---------- Exercise inputs
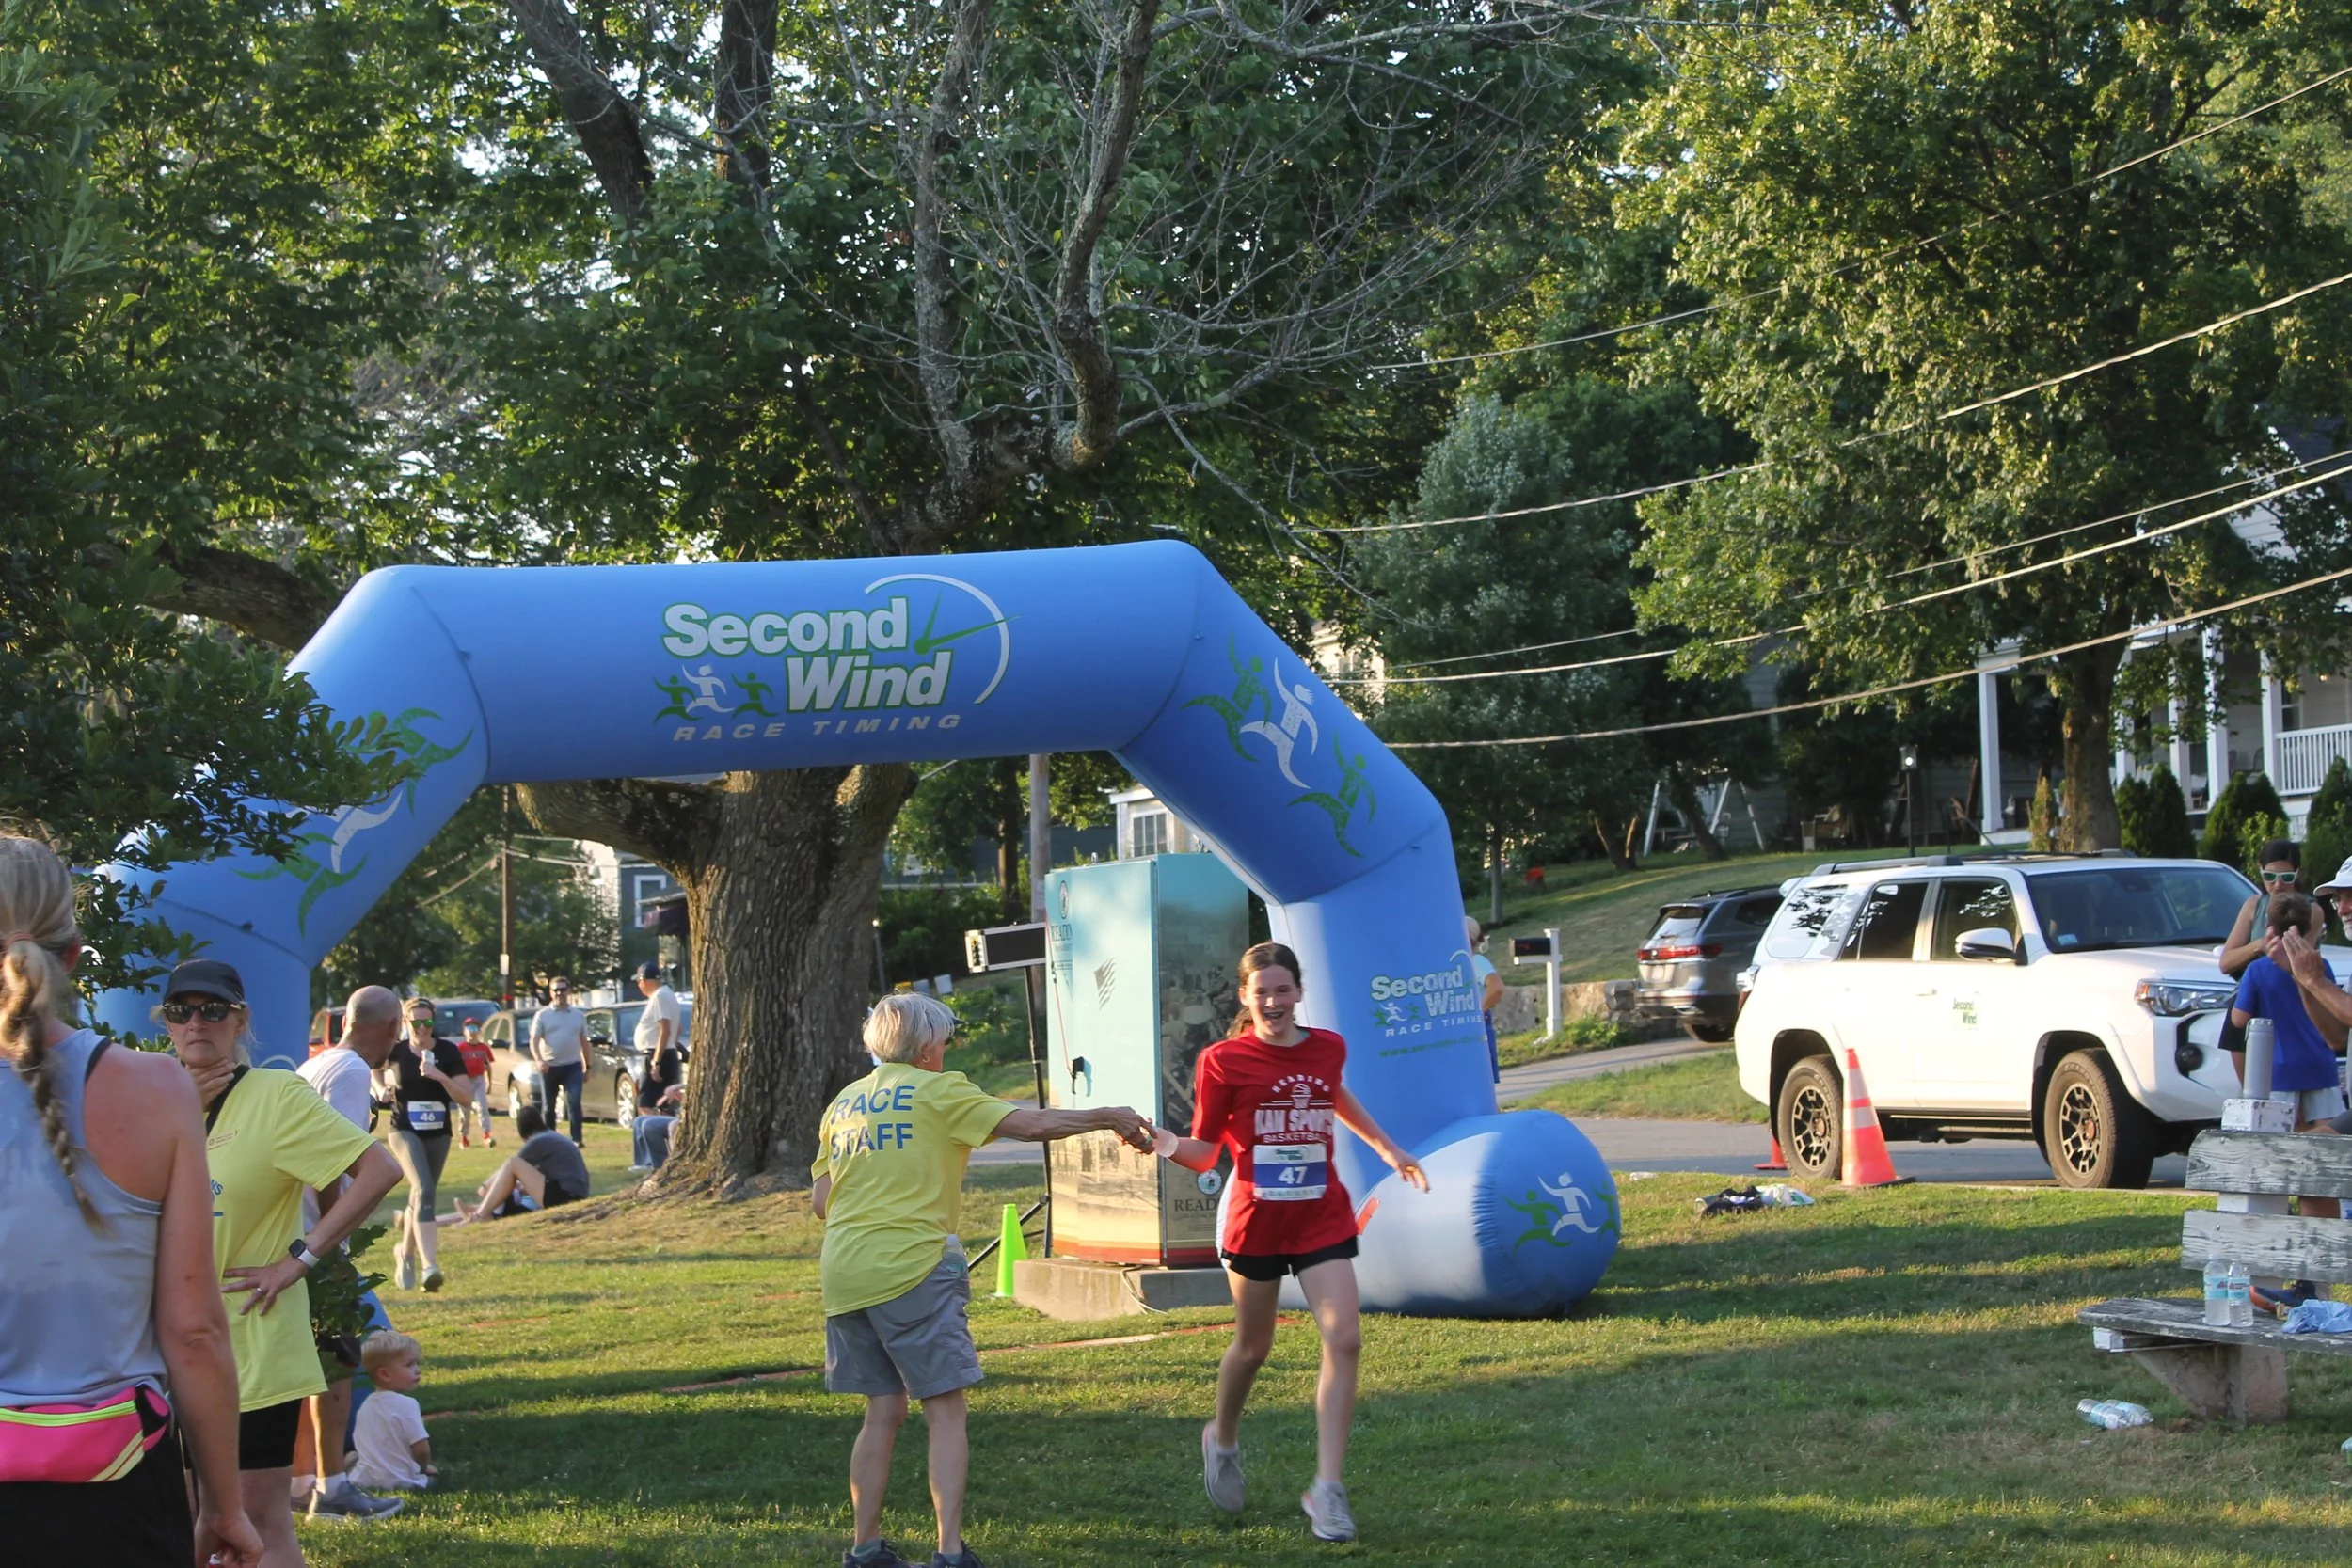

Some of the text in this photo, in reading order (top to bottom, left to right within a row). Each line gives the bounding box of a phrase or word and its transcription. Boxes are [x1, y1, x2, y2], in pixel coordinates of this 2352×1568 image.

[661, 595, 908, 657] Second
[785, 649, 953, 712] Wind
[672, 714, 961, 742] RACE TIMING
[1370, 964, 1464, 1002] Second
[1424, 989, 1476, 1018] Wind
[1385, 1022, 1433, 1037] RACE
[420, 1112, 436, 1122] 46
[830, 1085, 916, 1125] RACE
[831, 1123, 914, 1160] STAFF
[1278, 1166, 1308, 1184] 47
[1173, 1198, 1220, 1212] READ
--------------------
The material is to be written out word for word, and the pictures are to be left out.

Some of the text in this photo, in reading order (top to bottom, left to right within a row). Each line gives the bounding box of a phrase or word and its transcription. Boxes are [x1, y1, x2, y2], in pixel coordinates of this 2352×1568 image.

[661, 595, 908, 657] Second
[785, 649, 953, 712] Wind
[672, 714, 961, 742] RACE TIMING
[1370, 964, 1464, 1002] Second
[1424, 989, 1476, 1018] Wind
[1385, 1022, 1433, 1037] RACE
[420, 1112, 436, 1122] 46
[830, 1085, 916, 1125] RACE
[831, 1123, 914, 1160] STAFF
[1278, 1166, 1308, 1184] 47
[1173, 1198, 1220, 1212] READ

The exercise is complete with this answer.